Lissa Lynch and David Doniger argue in a new report for the Natural Resources Defense Council that the administration has a “robust legal basis” for strong carbon standards, undergirded in large part by the Inflation Reduction Act that Biden signed into law three months after the Supreme Court ruling.

The law, which offers tax incentives and grants for clean energy technology, also “expressly” designates carbon dioxide and other greenhouse gases as air pollutants under the Clean Air Act, the pair said. They wrote that the law updates the Clean Air Act “to reaffirm the EPA’s authority and direct the agency to issue new standards for power plant carbon dioxide emissions while taking into account the new tax incentives and grants.”

The Inflation Reduction Act boosts CCS, which the authors say “falls squarely within the bounds of what the West Virginia decision allows EPA to consider in establishing carbon pollution standards.” Carbon capture, the authors wrote, “is similar to sulfur dioxide scrubbers and other pollution controls on which the EPA has been basing standards for decades.”

They noted the court in West Virginia v. EPA ruled that the Obama-era Clean Power Plan went beyond EPA’s authority “because it was based not on what is achievable through pollution controls but on ‘shifting generation’ — i.e., replacing coal and gas plants with wind and solar power.”

But, they added, the court made it clear that EPA “retains its ‘traditional’ authority to base standards on technology that ‘caus[es] plants to operate more cleanly’ and ‘ensur[es] the efficient pollution performance of each regulated source.'”

Jeff Holmstead, a former EPA air chief and partner at Bracewell LLP, said the West Virginia decision offered EPA clarity on what it can do as well as what it can’t.

“From just a good policy perspective, I think the Supreme Court power plan case helped quite a bit,” he said.

For example, the court explicitly declined to use its West Virginia decision to limit EPA to emissions controls that can be achieved “inside the fenceline” at power plants. While the Trump-era rule that replaced the Clean Power Plan required only modest heat-rate improvements on-site at existing generating stations, it provided states very little flexibility in designing their implementation plans.

“The Supreme Court said, ‘No, states have have discretion as long as they meet the targets,’” said Holmstead.

The high court’s decision does mean that EPA can’t reprise the Clean Power Plan’s gambit of basing emissions limits on what can be achieved through trading. But it opens a space for states to choose trading as a compliance mechanism.

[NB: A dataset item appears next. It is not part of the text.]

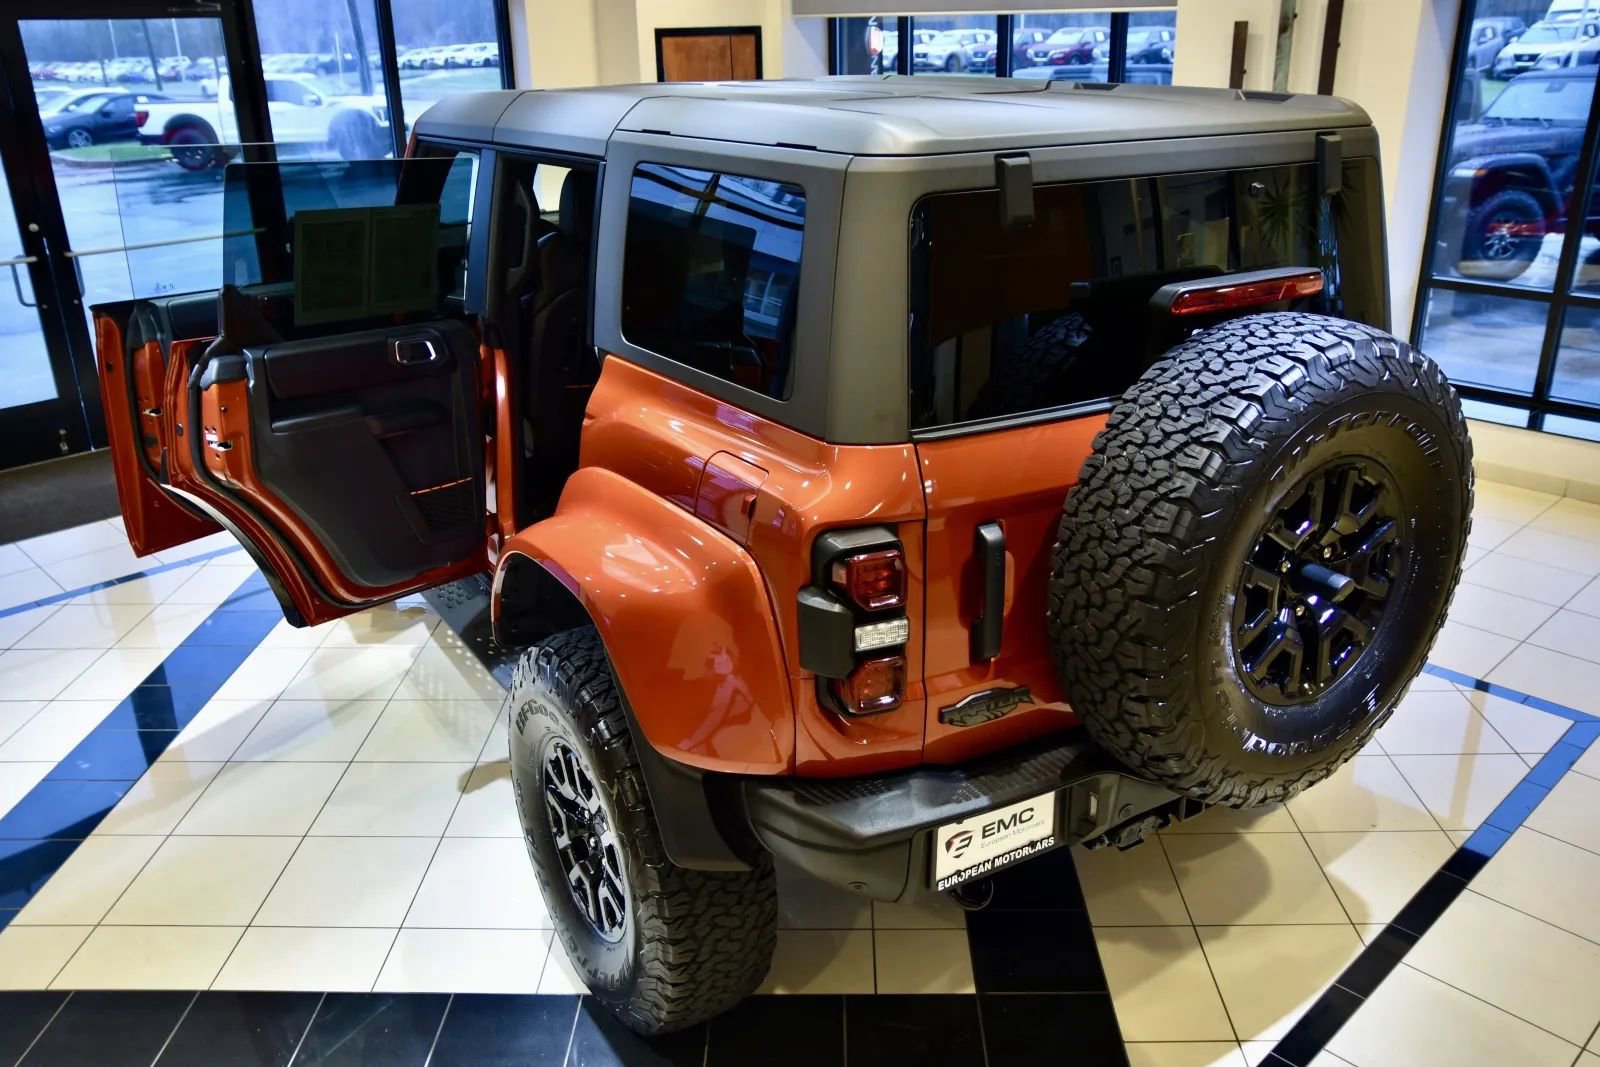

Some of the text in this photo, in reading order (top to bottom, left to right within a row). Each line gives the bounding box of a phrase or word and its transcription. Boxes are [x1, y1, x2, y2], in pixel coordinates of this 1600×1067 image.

In fact, the court spoke approvingly of a George W. Bush-era rule for power plant mercury — which Holmstead oversaw at the agency — that set limits based on what power plants can achieve but created compliance flexibility through trading.

Holmstead expected EPA to afford states similar flexibility in carrying out this rule. That might be expressed in a guidance to states that EPA releases after the proposals.

“I would say like states like California and the [Regional Greenhouse Gas Initiative] states that already have cap-and-trade programs will be able to continue to use those [for EPA compliance] as long as they get to the same emission reductions that EPA is saying,” he said.

Eleven Northeastern and mid-Atlantic states currently participate in RGGI.

Although the Obama-era Clean Power Plan was never officially implemented, the power sector achieved the goals of the regulation, which were to curb carbon emissions from the sector by 32 percent from 2005 levels before 2030, more than a decade ahead of schedule.

Noah Kaufman, former White House climate official and a current climate economist at Columbia University, wrote on Twitter that the Biden power plant rules could have similar impact — even if courts never allow them to take effect.

“We’ll analyze these EPA climate regs as if they’ll stay in place,” he wrote, “but if they’re likely to be rolled back by an ideological court or future admin, what matters most is how they’ll move markets right away.”